CS 331 Design and Analysis of Algorithms Homework #4 Complete Solution

Question: #1319

CS 331 Design and Analysis of Algorithms Homework #4

(Total: 100 points)
1. (25 points) Given A=[252], B=[220], C=[2010], and D=[105]. Compute the C(i,j)'s defined in the class for all i < j and give the solution (i.e. the multiplication order) for this instance of Chained Matrix Multiplication.

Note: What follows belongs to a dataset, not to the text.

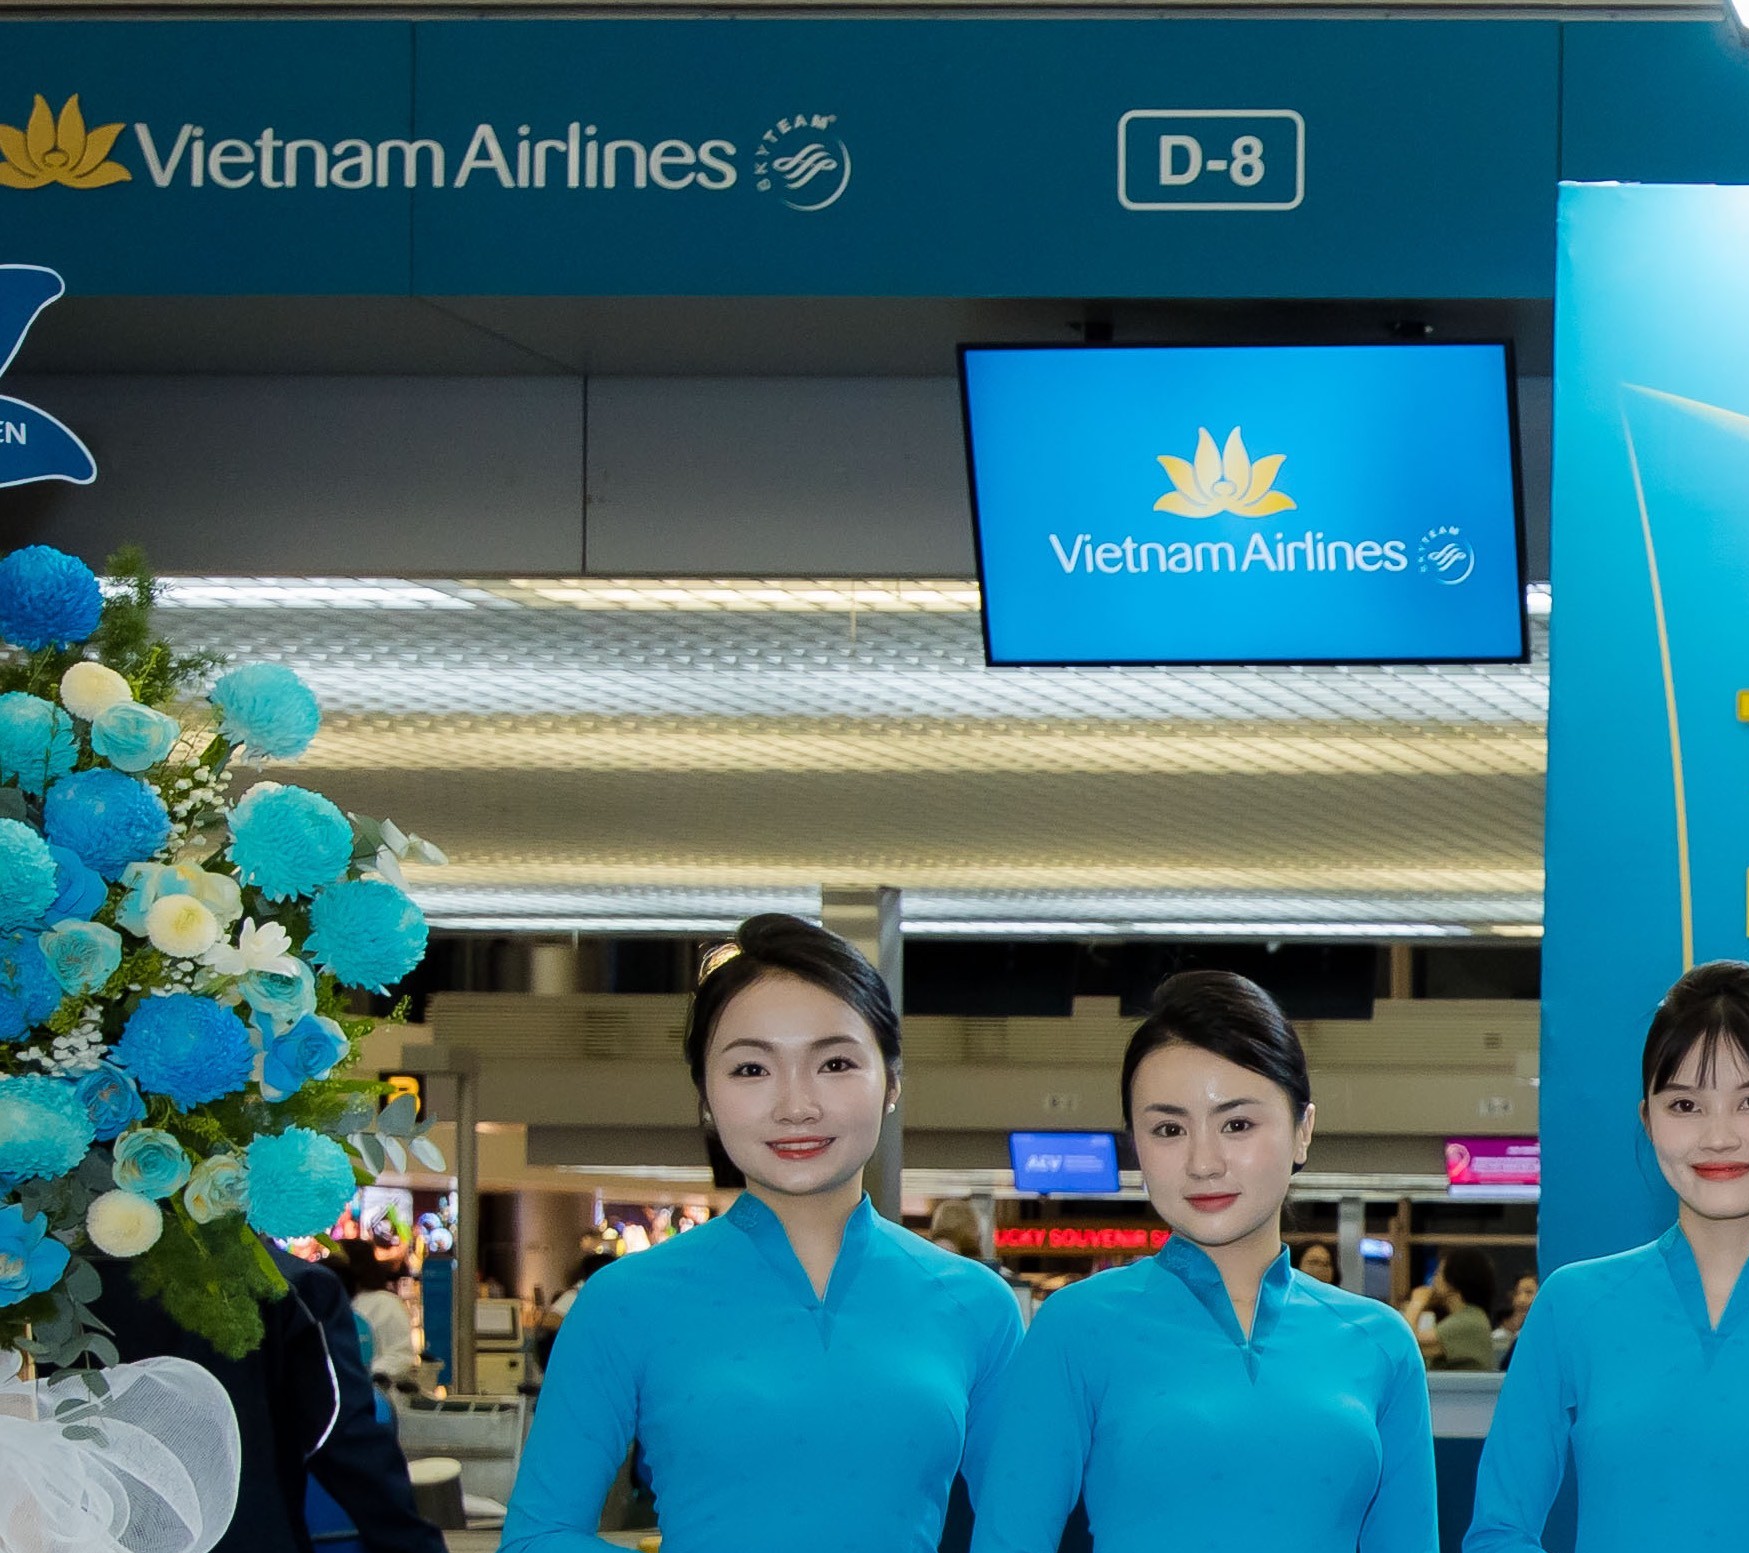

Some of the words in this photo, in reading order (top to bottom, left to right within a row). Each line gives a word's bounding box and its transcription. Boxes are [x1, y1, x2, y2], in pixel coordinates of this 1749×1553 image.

2. (25 points) Given the following input instance for the 0/1 Knapsack problem. Show how the algorithm given in the class works on this input instance. Complete the whole (M+1)(n+1) table, and give the answer for the optimal solution, where M is the capacity of the knapsack and n is the number of objects. Object 1 Object 2 Object 3 Object 4 Object 5 Object 6
Profit pi 3 3 5 5 1 4
Weight wi 2 4 5 3 2 5
M = 10

3. (26 points) Consider the 0/1/2/3 Knapsack Problem. Unlike 0/1 Knapsack problem which restricts xi to be either 0 or 1, 0/1/2/3 Knapsack Problem allows xi to be either 0 or 1 or 2 or 3 (that is, we assume that 3 copies of each object i are available, for all i). (a) Obtain the dynamic programming functional equation to solve the 0/1/2/3 Knapsack
Problem.
(b) Give an algorithm to implement your functional equation.
(c) What is the complexity of your algorithm?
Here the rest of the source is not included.